■ Exercise brief
Please set down only the lines between the line containing "Some of the words" and the end of the records, inclusive, exactly as they stand.

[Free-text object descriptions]
===============

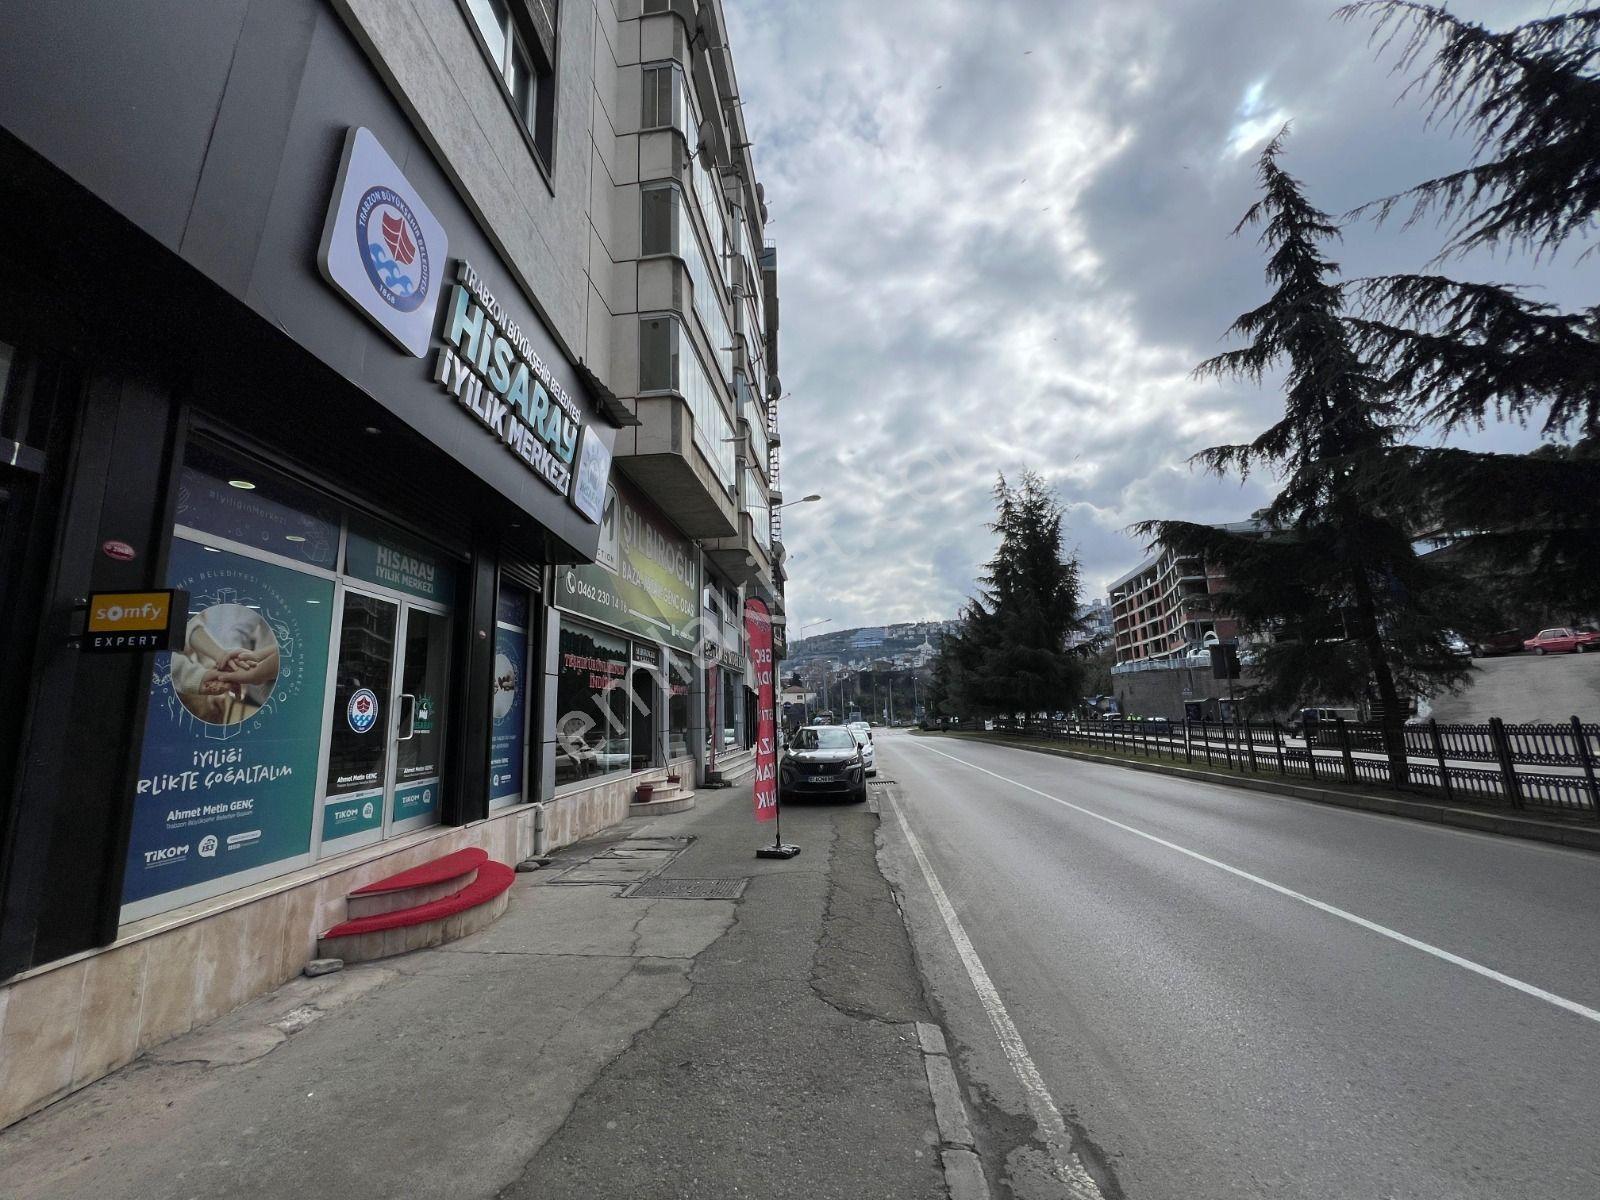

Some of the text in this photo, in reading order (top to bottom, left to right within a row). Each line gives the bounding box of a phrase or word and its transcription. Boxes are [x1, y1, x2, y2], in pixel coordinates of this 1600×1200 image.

[459, 258, 582, 425] TRABZON BÜYÜKŞEHİR BELEDİYESİ
[438, 347, 571, 498] İYİLİK MERKEZİ
[577, 580, 596, 601] 0462
[597, 589, 610, 606] 230
[96, 603, 161, 621] somfy
[94, 635, 158, 648] EXPERT
[193, 747, 243, 768] İYİLİĞİ
[203, 764, 293, 790] ÇOĞALTALIM
[166, 798, 254, 822] Ahmet Metin GENÇ
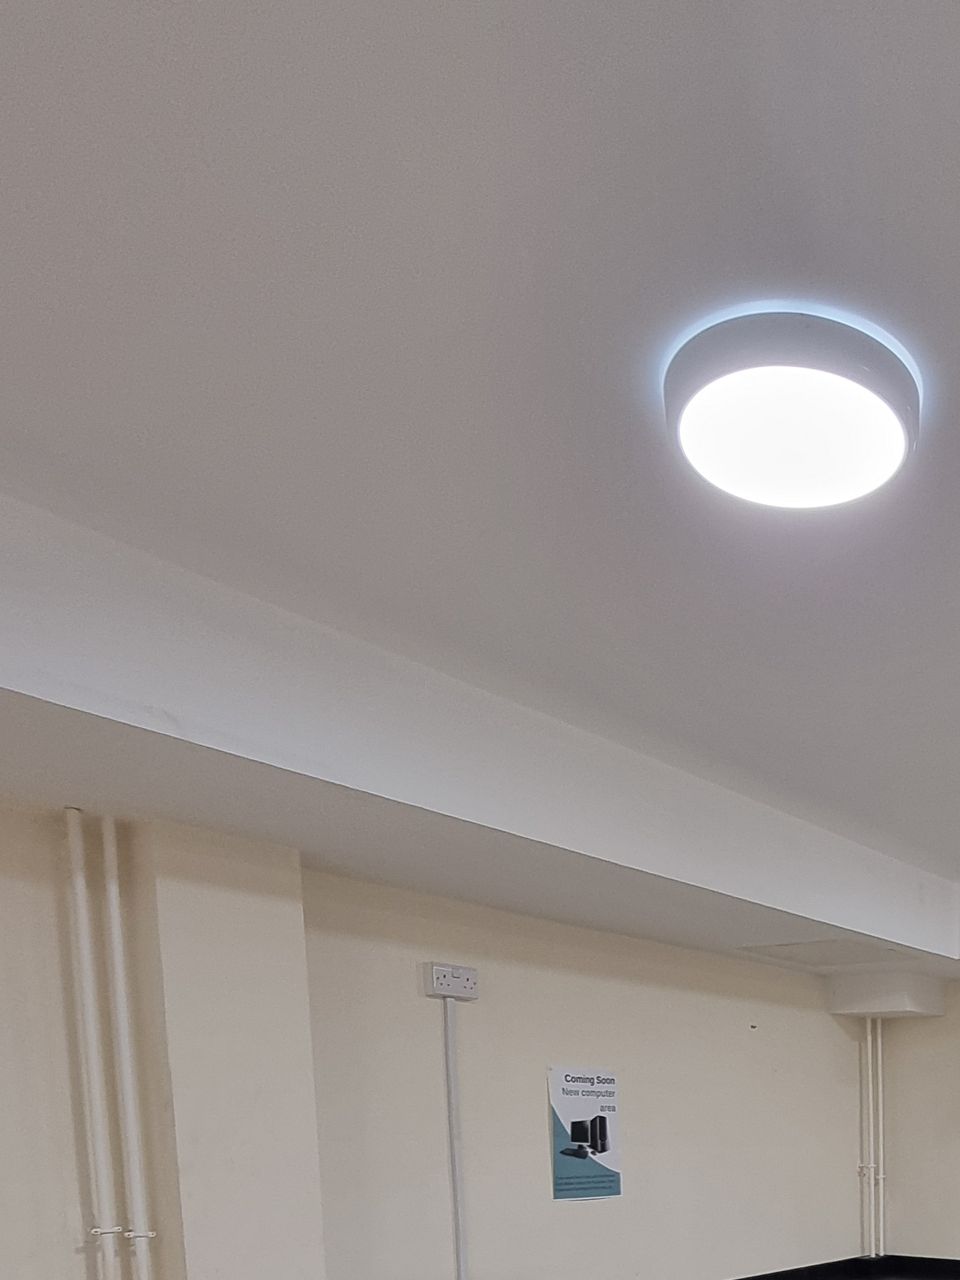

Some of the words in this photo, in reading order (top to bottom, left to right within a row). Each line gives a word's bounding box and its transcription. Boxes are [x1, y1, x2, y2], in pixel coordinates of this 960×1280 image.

[564, 1074, 595, 1086] Coming
[596, 1075, 615, 1085] Soon
[562, 1087, 580, 1096] New
[581, 1089, 615, 1099] computer
[599, 1104, 616, 1112] area

===============

■ The completed task
Some of the words in this photo, in reading order (top to bottom, left to right within a row). Each line gives a word's bounding box and its transcription. Boxes are [x1, y1, x2, y2], in pixel coordinates of this 960×1280 image.

[564, 1074, 595, 1086] Coming
[596, 1075, 615, 1085] Soon
[562, 1087, 580, 1096] New
[581, 1089, 615, 1099] computer
[599, 1104, 616, 1112] area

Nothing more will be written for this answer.